On a quick trip upstate a couple of weeks ago, we dropped in on the newly opened Rivertown Lodge on Warren Street in Hudson, NY. Located in a 1920s movie house, the hotel (and soon to be dining spot) is the first venture of Ray Pirkle and Kim Bucci, two friends and hospitality veterans who work under the name Ramshackle Properties.
Rivertown Lodge solves the vexing neighborhood problem of where to stay on a visit upstate, beyond the usual hotels and Airbnb offerings, according to Ray, who relocated to Hudson a couple of years ago as a “full-time guy,” as he says, drawn to the sense of community: “It’s a different mentality.”
Ray’s aim was to take a slower route when he approached the project, sourcing from within the community and working with collaborators such as Brooklyn-based Workstead. “We knew that we wanted color, and Workstead tends to love muted tone on tone, so we wanted to push that as far as possible,” he says. “The idea for us was to stack color on color and pattern on pattern in a muted, diffused way.” The result? Vintage Danish furniture reupholstered in yellows, rusts, and greens; subtle patterns like houndstooth, tartan, and abstract prints from Zak + Fox; and the warmth of cherrywood in the shape of custom woodwork throughout the 27-room hotel.
Photography by Matthew Williams for Workstead, unless otherwise noted.

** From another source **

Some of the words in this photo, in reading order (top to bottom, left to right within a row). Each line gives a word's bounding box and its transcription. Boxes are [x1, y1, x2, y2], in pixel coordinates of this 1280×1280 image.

Above: Custom log racks designed by Workstead and manufactured by Arrowhead flank a freestanding fireplace by Morsí¸. The furniture includes two lounge chairs of unknown origin, found on eBay and reupholstered in a custom, pale yellow fabric with houndstooth seats, a plywood table with leather feet by Tyler Hays’s M. Crow and Company, and a pillow-covered settee, another vintage eBay find that was re-webbed and reupholstered.

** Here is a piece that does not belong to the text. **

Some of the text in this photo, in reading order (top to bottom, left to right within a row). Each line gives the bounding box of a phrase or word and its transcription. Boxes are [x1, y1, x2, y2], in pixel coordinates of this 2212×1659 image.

Above: The light-filled lobby is partially partitioned with cherrywood walls designed by Workstead and fabricated by woodworker Markus Bartenschlager. The handwoven garnet jute rug is from Naniquina’s Vegetal collection.

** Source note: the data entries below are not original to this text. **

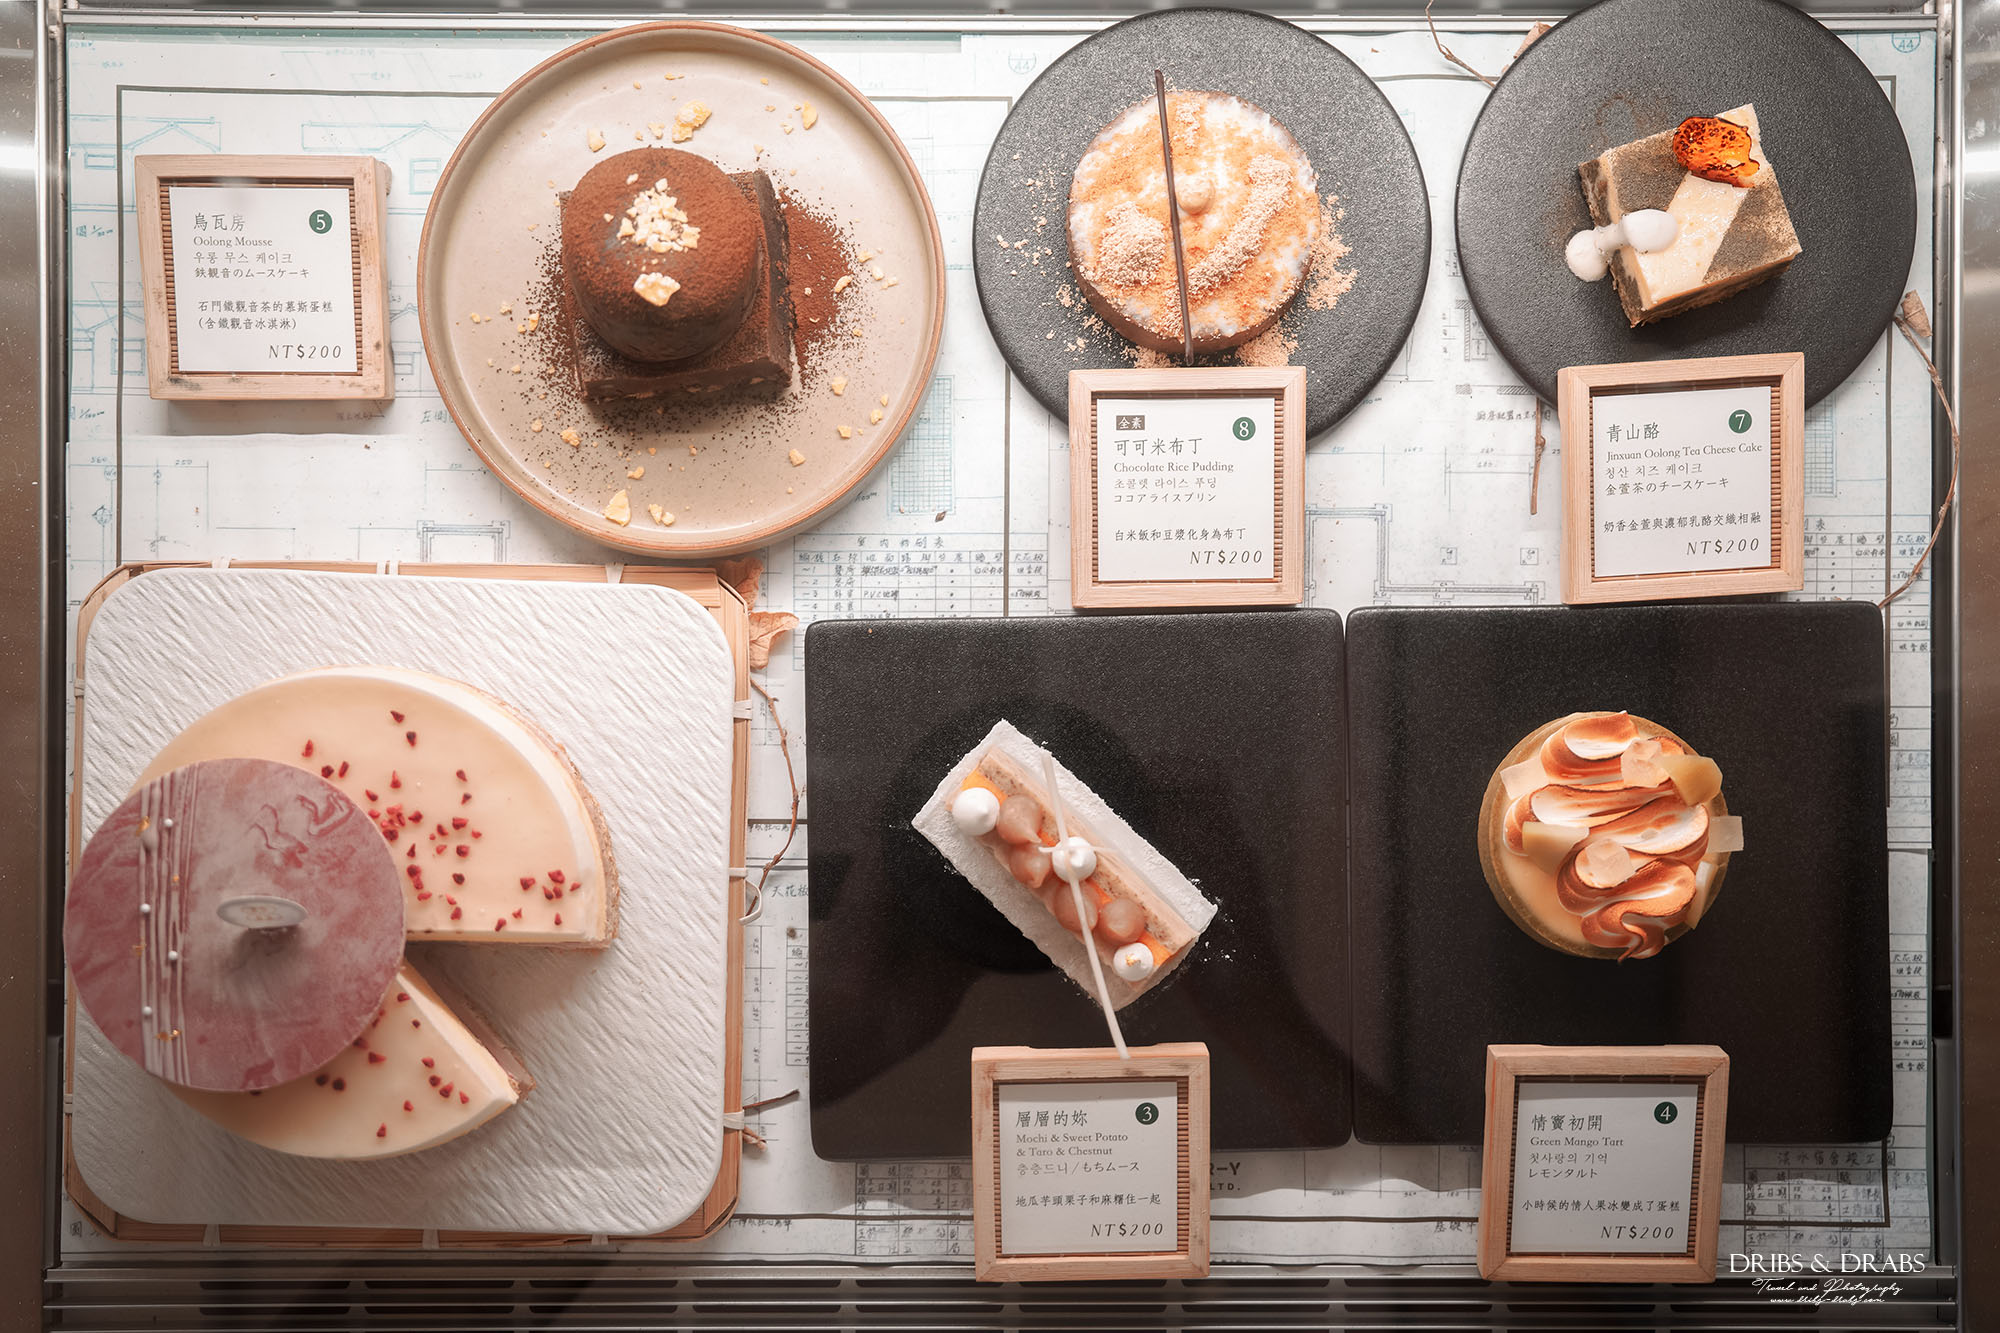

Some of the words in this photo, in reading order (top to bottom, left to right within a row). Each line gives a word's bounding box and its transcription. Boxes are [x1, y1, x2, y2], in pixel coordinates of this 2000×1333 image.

[315, 213, 326, 231] 5
[193, 236, 232, 248] Oolong
[235, 236, 273, 247] Mousse
[193, 251, 218, 265] 우롱
[224, 251, 249, 264] 무스
[256, 251, 293, 264] 케이크
[268, 344, 342, 359] NT$200
[1118, 416, 1143, 430] 全素
[1238, 420, 1250, 438] 8
[1734, 413, 1746, 430] 7
[1606, 421, 1660, 443] 青山酪
[1114, 437, 1203, 456] 可可米布丁
[1606, 451, 1642, 463] Jinxuan
[1644, 447, 1680, 459] Oolong
[1682, 446, 1701, 457] Tea
[1703, 443, 1736, 455] Cheese
[1738, 442, 1763, 453] Cake
[1114, 462, 1165, 472] Chocolate
[1167, 462, 1190, 472] Rice
[1192, 461, 1234, 473] Pudding
[1635, 464, 1660, 477] 치즈
[1665, 462, 1703, 476] 케이크
[1154, 477, 1189, 489] 라이스
[1194, 476, 1217, 489] 푸딩
[1686, 537, 1760, 556] NT$200
[1189, 549, 1262, 565] NT$200
[1015, 1109, 1088, 1128] 層層的妳
[1141, 1105, 1153, 1122] 3
[1659, 1105, 1671, 1121] 4
[1016, 1133, 1048, 1143] Mochi
[1050, 1133, 1061, 1143] &
[1063, 1132, 1092, 1143] Sweet
[1095, 1132, 1128, 1142] Potato
[1530, 1136, 1561, 1146] Green
[1564, 1136, 1599, 1147] Mango
[1602, 1136, 1624, 1146] Tart
[1016, 1147, 1026, 1157] &
[1028, 1147, 1053, 1157] Taro
[1055, 1147, 1066, 1156] &
[1068, 1146, 1113, 1156] Chestnut
[1584, 1152, 1608, 1165] 기억
[1529, 1168, 1599, 1178] レモンタルト
[1090, 1222, 1164, 1237] NT$200
[1600, 1225, 1674, 1240] NT$200

Above: A brass light fixture above the hotel’s front desk was designed by Workstead and built by Markus Bartenschlager. Two stools from local studio Sawkille are among a few floating around the property.
Above: The kitchen is located in the hotel’s public space; breakfast is made in the mornings and dinner is served in the evenings (Rivertown Lodge is planning a menu of 12 to 14 small plates under Jean Adamson of Brooklyn’s Vinegar Hill House starting in mid-December). The kitchen cabinets are painted a deep yellow and the countertops are burnished schist.
Above: Ray, the former food and beverage director of Soho and Tribeca Grand Hotels, included a selection of Hudson-brewed craft beers on the bar menu.
Above: The bar is painted in Farrow & Ball’s Tanner’s Brown with cherrywood framing and the bar top ismade from a single piece of bronze. The stools are M. Crow and Company’s Jack Stools, which were customized to bar height.
Above: A three-dimensional fibrous waffle textile by Hiroko Takeda hangs above an iron bed by Workstead.
Above: For the bathroom faucets, Workstead sourced classics from Chicago Faucets and stripped off the chrome to reveal the bare brass. The wood doorknob was left unfinished. Photograph by Emma Tuccillo for Rivertown Lodge.
Above: An armchair upholstered in Plus from Zak + Fox (each room has a Zak + Fox fabric upholstered chair) and a built-in bed in a corner cabin.
Above: Workstead’s brass Orbit Sconce was custom made for Rivertown Lodge that the studio expanded into a full series.The cherrywood two-poster bed is also an original design by Workstead; it’s finished with a matte Monocoat oil. Photograph by Emma Tuccillo for Rivertown Lodge.
Above: A screened-in porch area off one of the guestrooms.
Above: An update to the original movie theater sign from 1928, Rivertown Lodge is located at 731 Warren St. in Hudson, New York.